Ils l’avaient raconté

et tout le monde n’avait pas tout compris

(parce que c’est pas compréhensible)

mais la lecture publique, si.

Alors ils ont bricolé du gratuit

avec les bibliothèques

pour les gens

pendant une bonne dizaine d’années

Ils ont racolé

comme pour le festival de Cannes

OU la sortie du dernier blockbuster

OU la meilleure promo d’Inter lors de la foire au bœuf

OU le meilleur candidat de la présidentielle

Ils faisaient du rézozozio comme des forcenés

de la comm même si

ils n’avaient rien à vendre et tout à donner

mais ça remplit pas les salles,

ça,

madame, monsieur,

les choses à donner 

pour avoir une valeur, faut avoir un prix 

et ils n’avaient pas de prix.

Pourtant

les gens venaient

pas autant qu’à Netflix mais ils venaient quand même

ils avaient des poèmes dans les mains, les gens,

ça coulait comme de l’eau

eux deux ils en faisaient de la musique

de la scène et des applaus

ils en faisaient des livres

gratuits

pour des lecteurs

contents

pour des mômes

fiers

des scènes ouvertes

ouvertes

de la poésie vivante

vivante

mise en musique

À l’école

les enfants écrivaient des textes,

alors eux, ils faisaient des chansons

avec les textes des mômes

Ils les enregistraient,

les enfants,

ils en faisaient des disques.

Ils trouvaient trois francs six sous

et

le compositeur-producteur offrait des centaines d’heures de studio

et

la poète offrait des centaines d’heures d’orpaillage dans le flot des manuscrits

Ils butinaient et ils faisaient le miel

avec leur ruche à deux

ils avaient le gratuit chevillé à l’âme

pour les gens

pour la culture qui se tricote avec les mots de chacun et chacune

qui donne la parole

pour que les gens la prennent

les gens-enfants

les gens-adultes

les gens-malades

les gens-en situation de handicap

les gens-en taule

les gens-qui parlent pas français

et même qui parlent pas du tout

les gens-qui parlent plus

tous les gens

ils avaient le gratuit qui grattait

comme un crin dans la conscience

et le poème comme le premier fil

de l’émancipation

pour chacun

pour chacune

et la musique comme la première aile

pour l’envol

Ils bradaient leurs heures de taf

(un taf qui se paye pas, c’est pas un taf)

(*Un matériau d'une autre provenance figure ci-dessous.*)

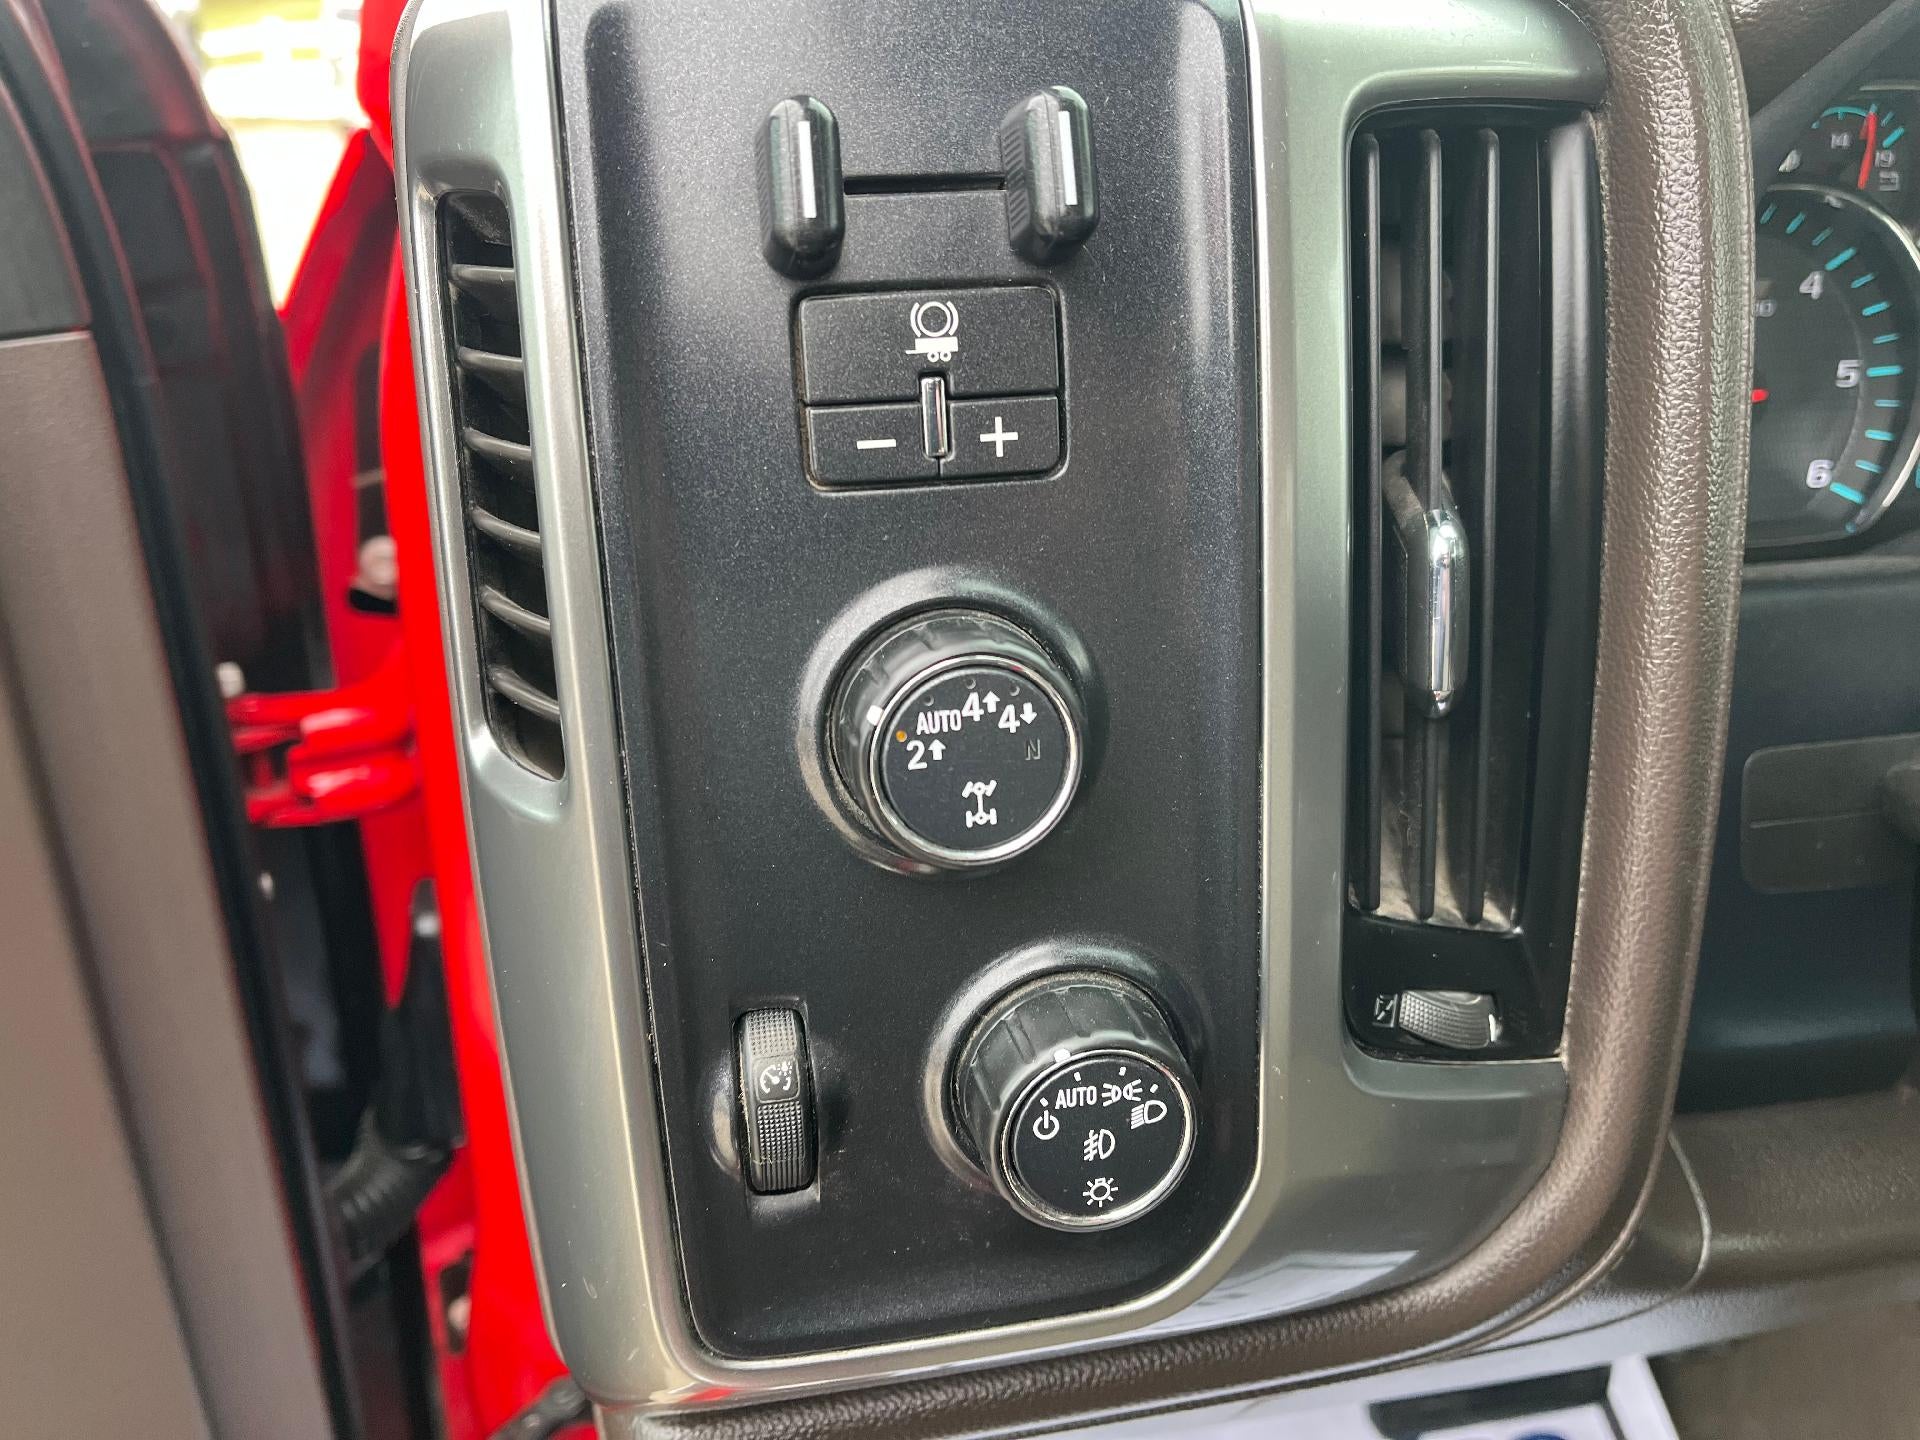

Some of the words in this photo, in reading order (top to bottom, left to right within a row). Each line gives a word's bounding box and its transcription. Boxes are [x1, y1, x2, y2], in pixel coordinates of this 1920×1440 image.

[1799, 270, 1824, 300] 4
[1835, 359, 1862, 388] 5
[1806, 459, 1834, 488] 6
[961, 691, 984, 722] 4
[998, 704, 1021, 733] 4
[916, 709, 962, 735] AUTO
[906, 739, 928, 770] 2
[1024, 738, 1042, 761] N
[1054, 1085, 1097, 1109] AUTO

(et puis ils voulaient toujours travailler ensemble

même quand le budget était pour un seul)

On les a regardés de haut

« pas des vrais artistes »

Ils ont tafé indécemment

je peux même pas raconter

tu croirais pas

y a que la coloc de bureau qui peut croire,

et je suis la coloc

y a que l’heure d’envoi de leurs mails qui peut croire

la journée d’avant la journée

la journée d’après la journée

et la journée qui reste la journée

« Vous les artistes vous faites ce que vous aimez »

la chance qu’ils ont

Et puis

ils ont produit des spectacles

à la force du poignet.

Les premières fois, il ont dû payer les salles pour qu’elles leur prêtent un plateau

(un plateau c’est comme un chantier naval)

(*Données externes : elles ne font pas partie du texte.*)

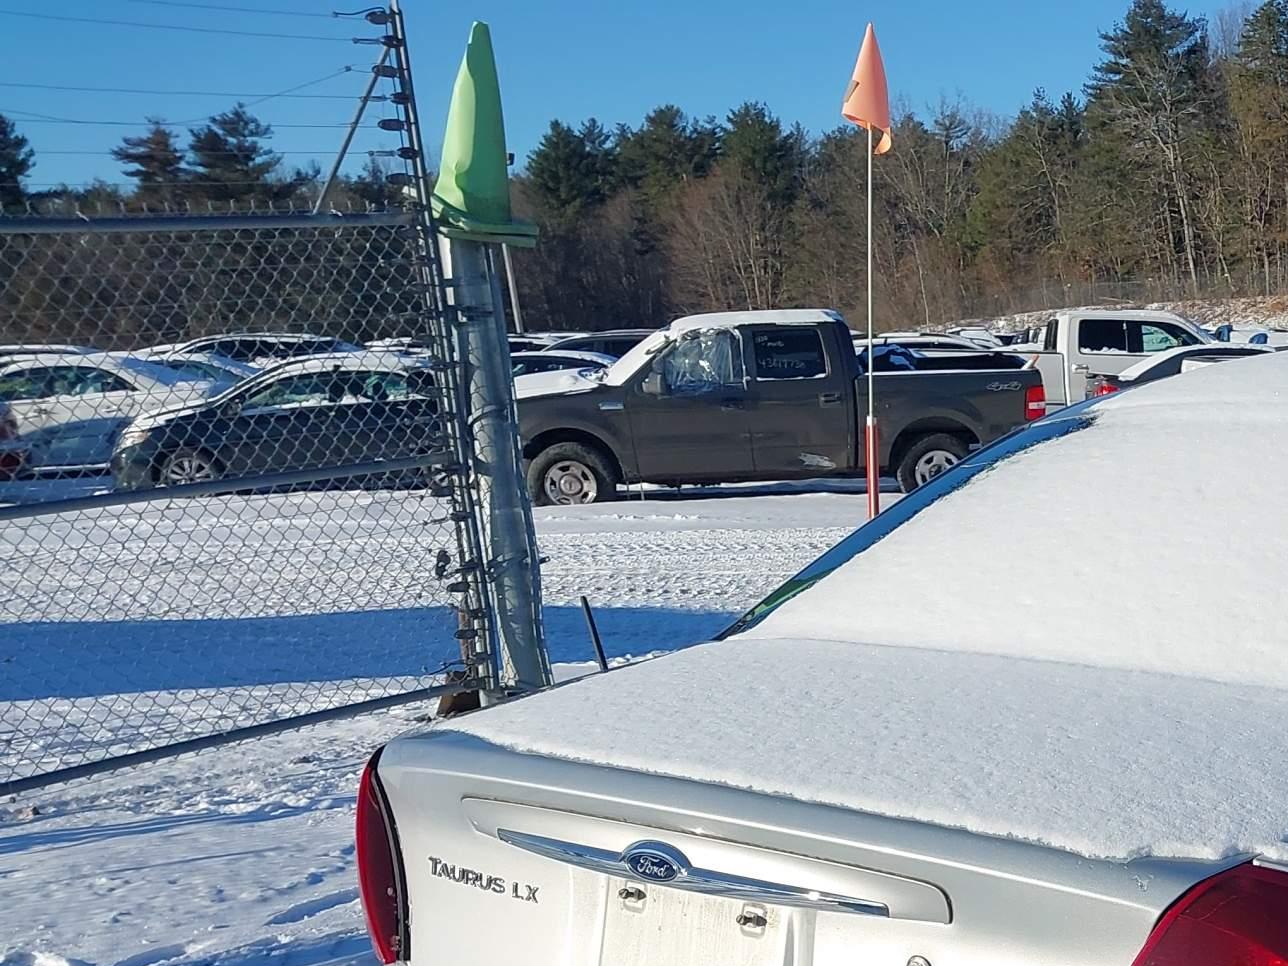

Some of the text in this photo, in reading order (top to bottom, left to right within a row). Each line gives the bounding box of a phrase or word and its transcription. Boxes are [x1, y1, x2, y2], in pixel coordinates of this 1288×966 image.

[428, 856, 540, 904] TAURUS LX
[636, 855, 671, 879] Ford
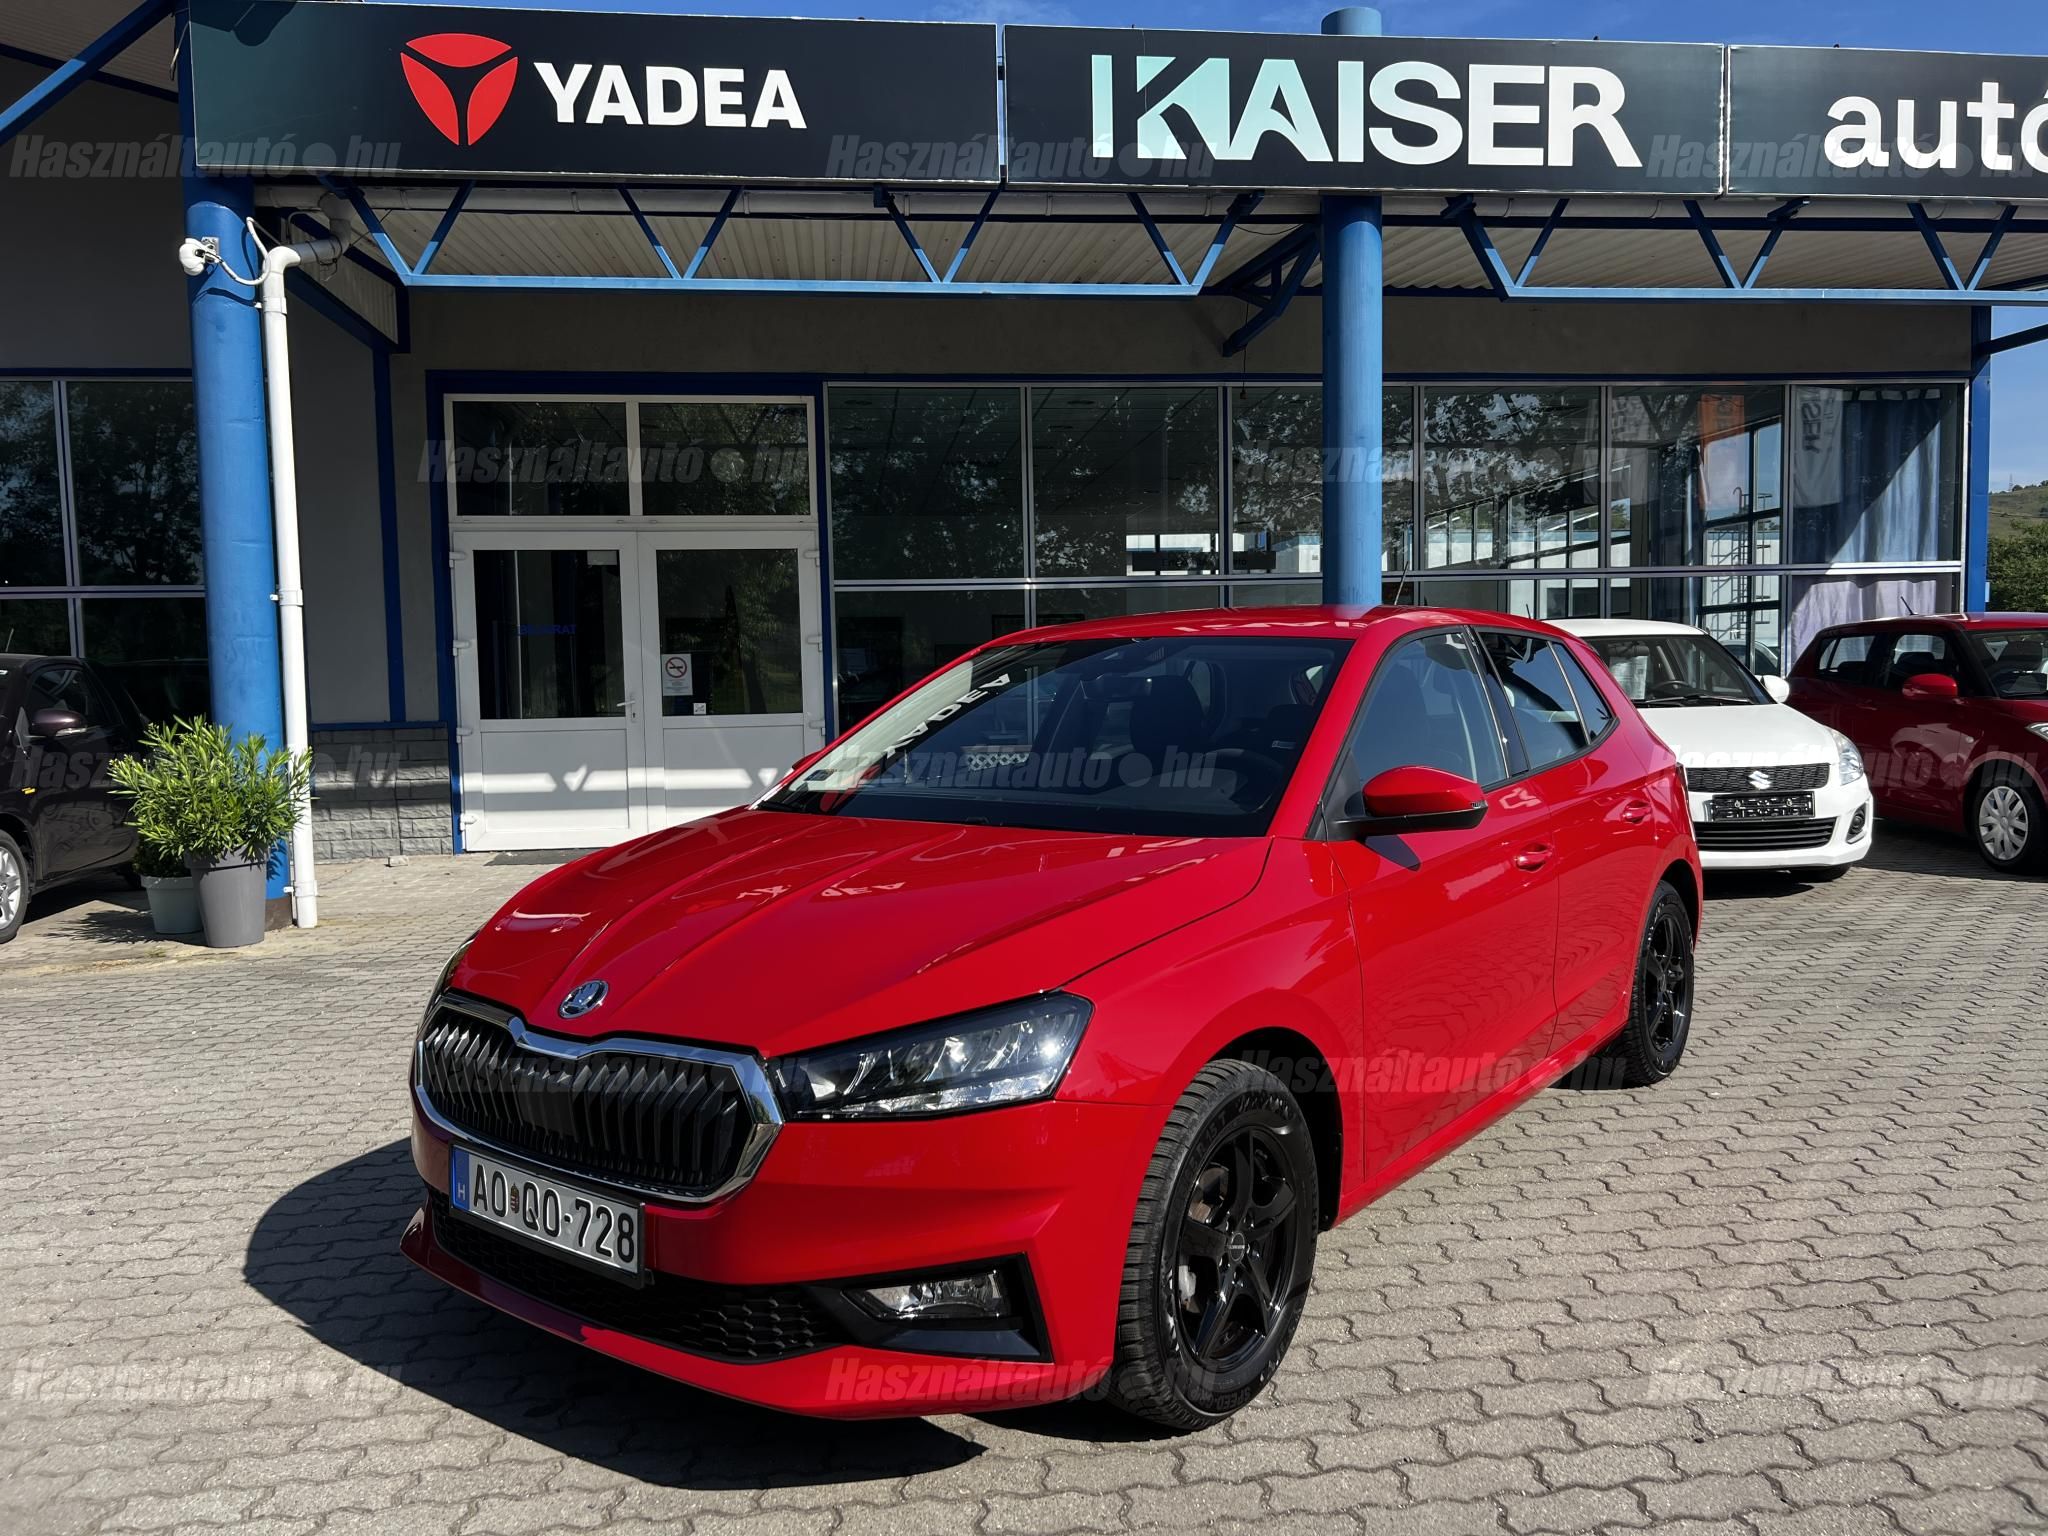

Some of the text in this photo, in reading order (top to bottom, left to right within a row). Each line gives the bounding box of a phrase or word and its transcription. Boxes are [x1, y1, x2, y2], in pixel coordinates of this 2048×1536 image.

[533, 62, 808, 130] YADEA
[1091, 53, 1644, 169] KAISER
[457, 1182, 466, 1202] H
[473, 1163, 636, 1264] AO QO-728

après, ils avaient des pattes blanches

Au début, ils n’ont pas payé les potes qui aidaient leur rafiot à prendre la mer

ni les bouts de ficelles

après, ils ont pu payer des pro, metteuse en scène, plasticienne, techniciens

qui ne sont pas tous devenus leurs potes

mais les potes restent les potes

même si parfois ils se sont lassés d’être gratuits

pote et pro et bénévole, c’est pas incompatible, j’en sais quelque chose

mais

salariat et bénévolat ça se frictionne sur le petit quai du petit port de la petite création et ça laisse des petites plumes parfois sur le champ de bataille de la reconnaissance, qui est une bataille comme une autre

qui a pour petits enjeux l’amitié, l’amour

ou le partir en mer

De toutes façons

il y a toujours une case qui cloche quelque part

et une case qui se coche pas comme il faudrait

du coup y a quelques pertes

humaines

et ça fait pas du bien dans le bilan de la prod

moyennant quoi

quand même

ils ont montré leurs pattes blanches

jusqu’à être enfin « des vrais artistes »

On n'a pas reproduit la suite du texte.